August 2, 2023

BELLEVUE, WA – The Second Amendment Foundation today filed its opposition brief with the U.S. Supreme Court, opposing a stay in its case challenging the government’s attempt to classify unfinished firearm frames and receivers as “firearms.”

The case is known as VanDerStok v. Garland, and last month, the U.S. Fifth Circuit Court of Appeals refused to stay portions of the rule which SAF successfully challenged. SAF has intervened in the case.

“With our attorney, Chad Flores of Houston, Texas, we’re arguing that the Biden administration’s new administrative definition of a firearm illegally expands the term beyond its critical statutory boundaries,” said SAF founder and Executive Vice President Alan M. Gottlieb. “We consider this expanded definition to be nothing more than a power grab. Our opposition brief details our position to Associate Justice Samuel Alito succinctly.”

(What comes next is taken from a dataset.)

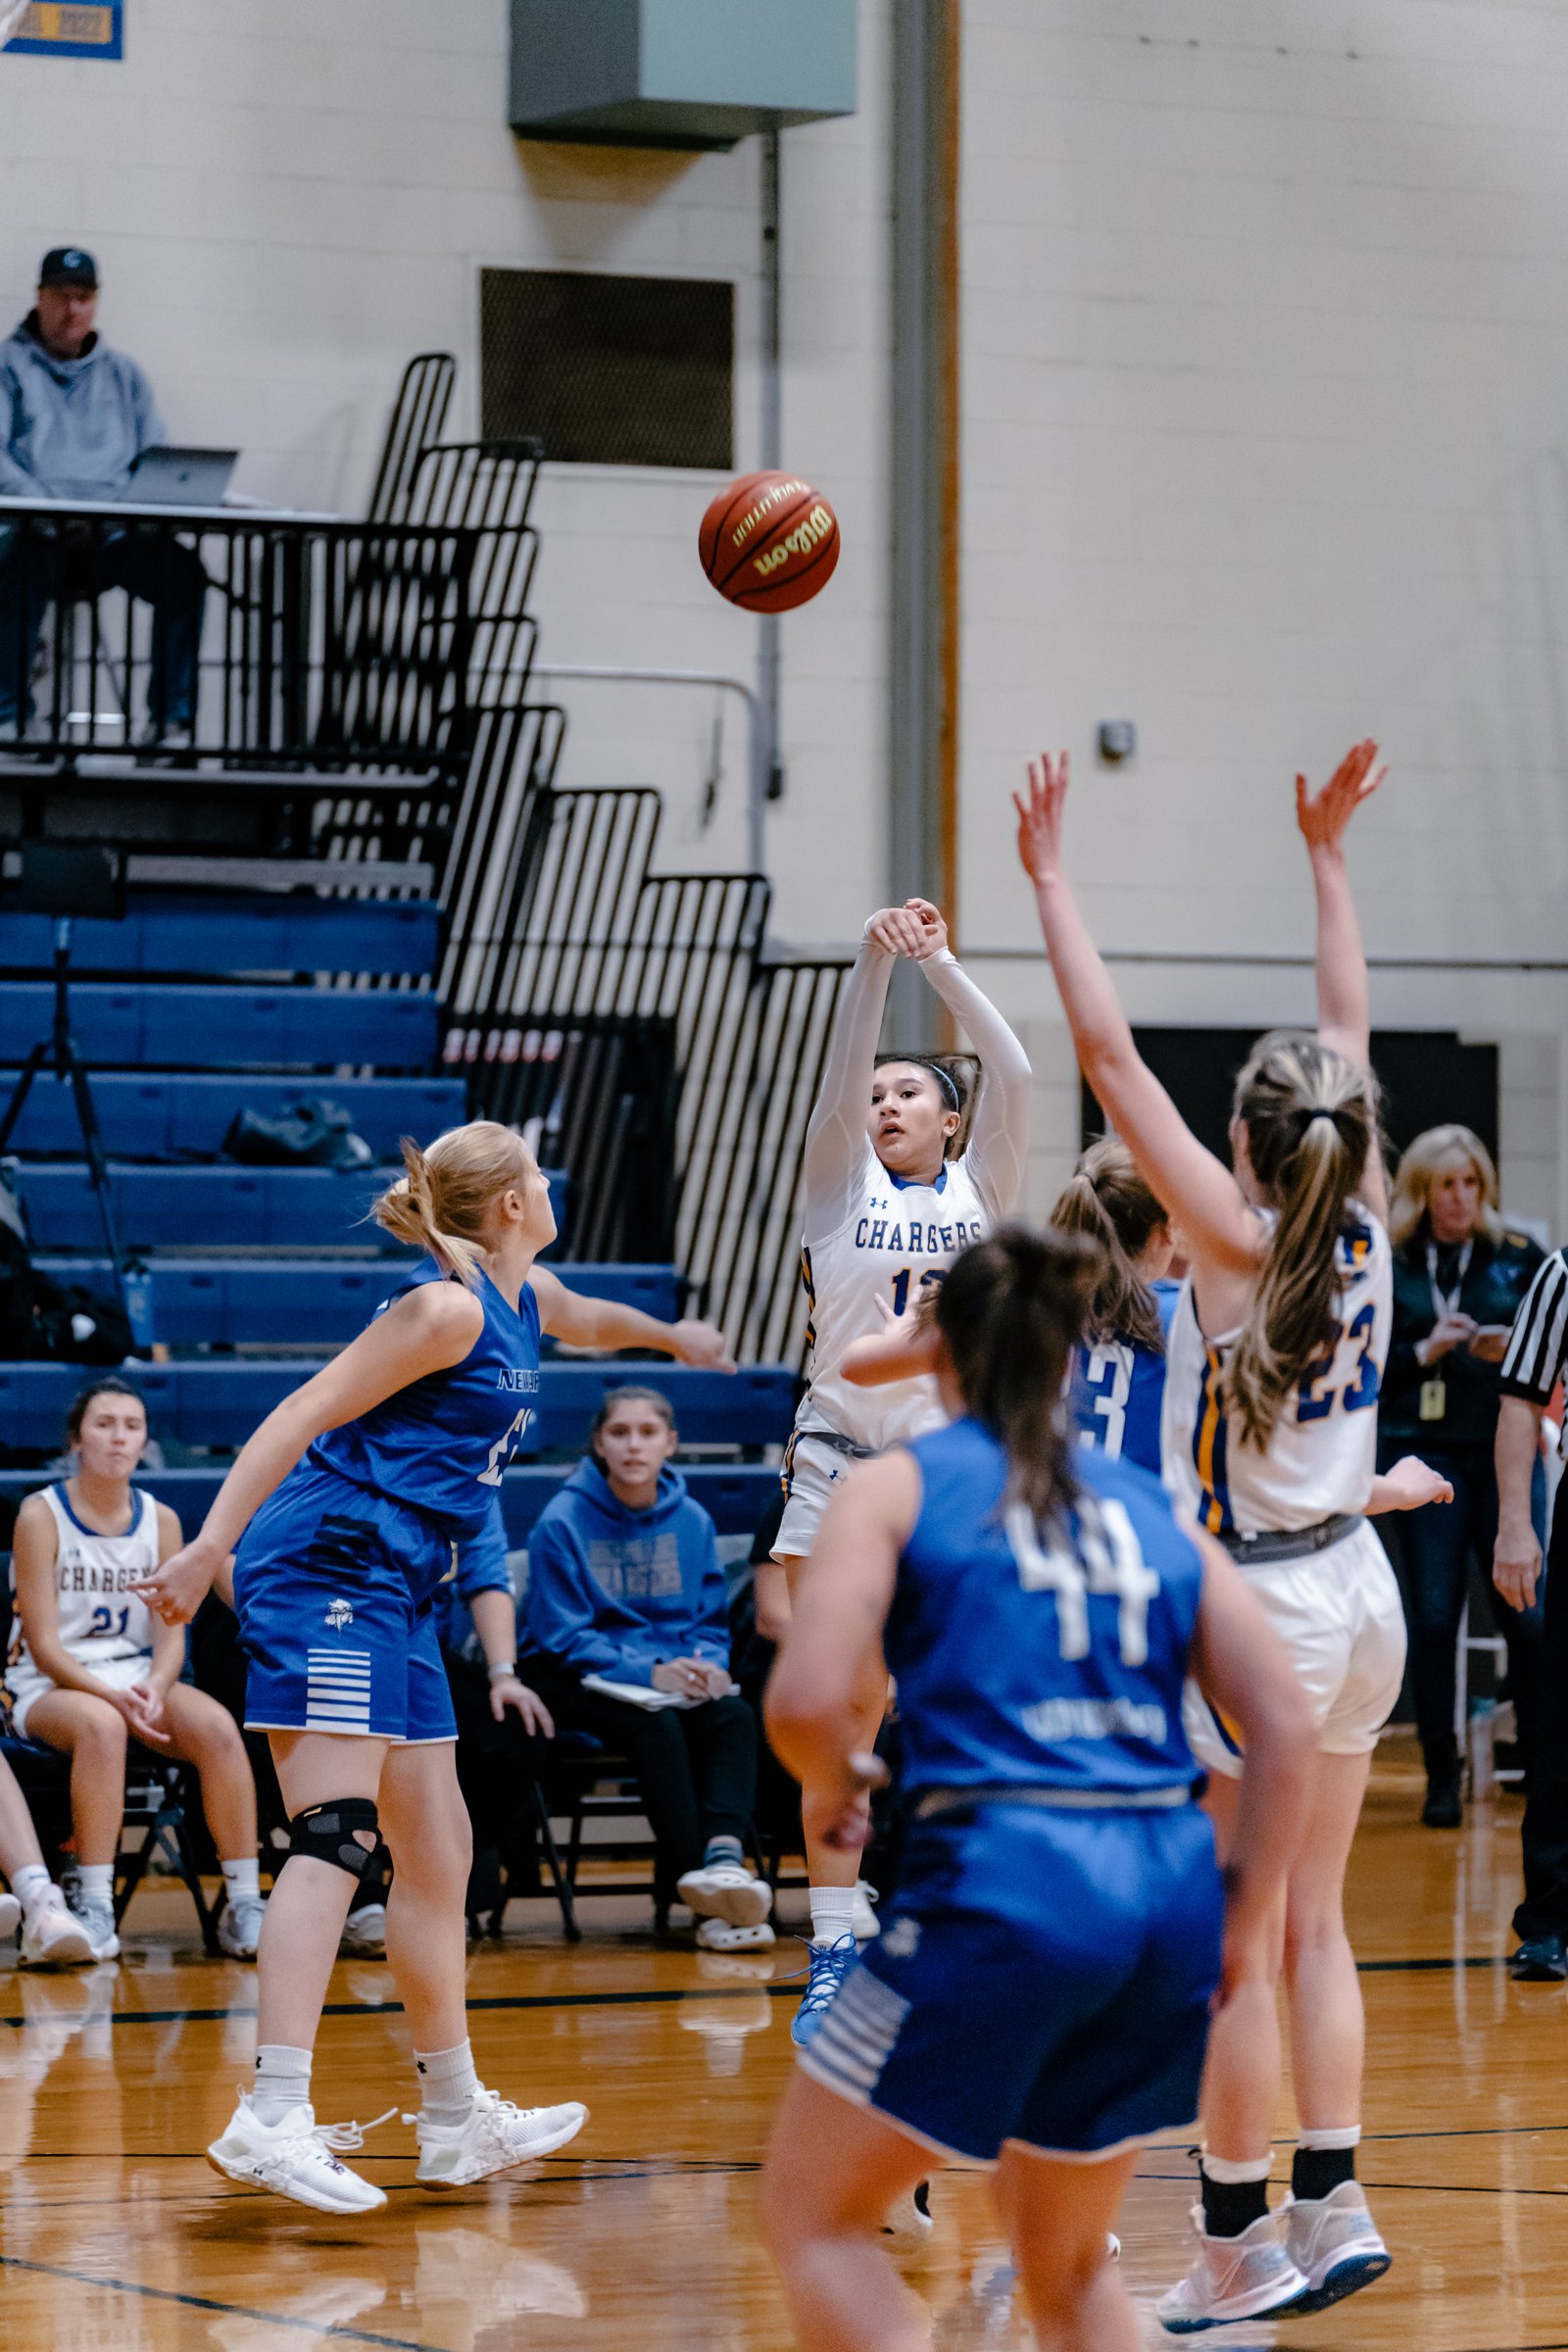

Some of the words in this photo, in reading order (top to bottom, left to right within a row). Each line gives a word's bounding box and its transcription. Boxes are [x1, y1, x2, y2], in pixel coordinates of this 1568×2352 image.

SAF maintains the district court acted properly when it held the administration’s new “firearm” definition in violation of the Administrative Procedures Act. SAF contends in its opposition brief that while no stay should occur, the high court should grant certiorari so the court may deem the new definition to be illegal.

“The Biden administration’s new definition is in direct contradiction to the 1968 Gun Control Act, and they know it,” said SAF Executive Director Adam Kraut. “The administration is attempting to literally re-define what constitutes a firearm. We contend that District Judge Reed O’Connor’s summary judgment in this case was spot-on, and we are hopeful Justice Alito will understand and concur with our position.”

SAF notes that the administration wants to re-define what constitutes a firearm, without any Congressional action. If allowed to go forward, it would create a situation where the White House can make law and simply bypass Congress.

“This kind of a power grab simply cannot be allowed,” Gottlieb said.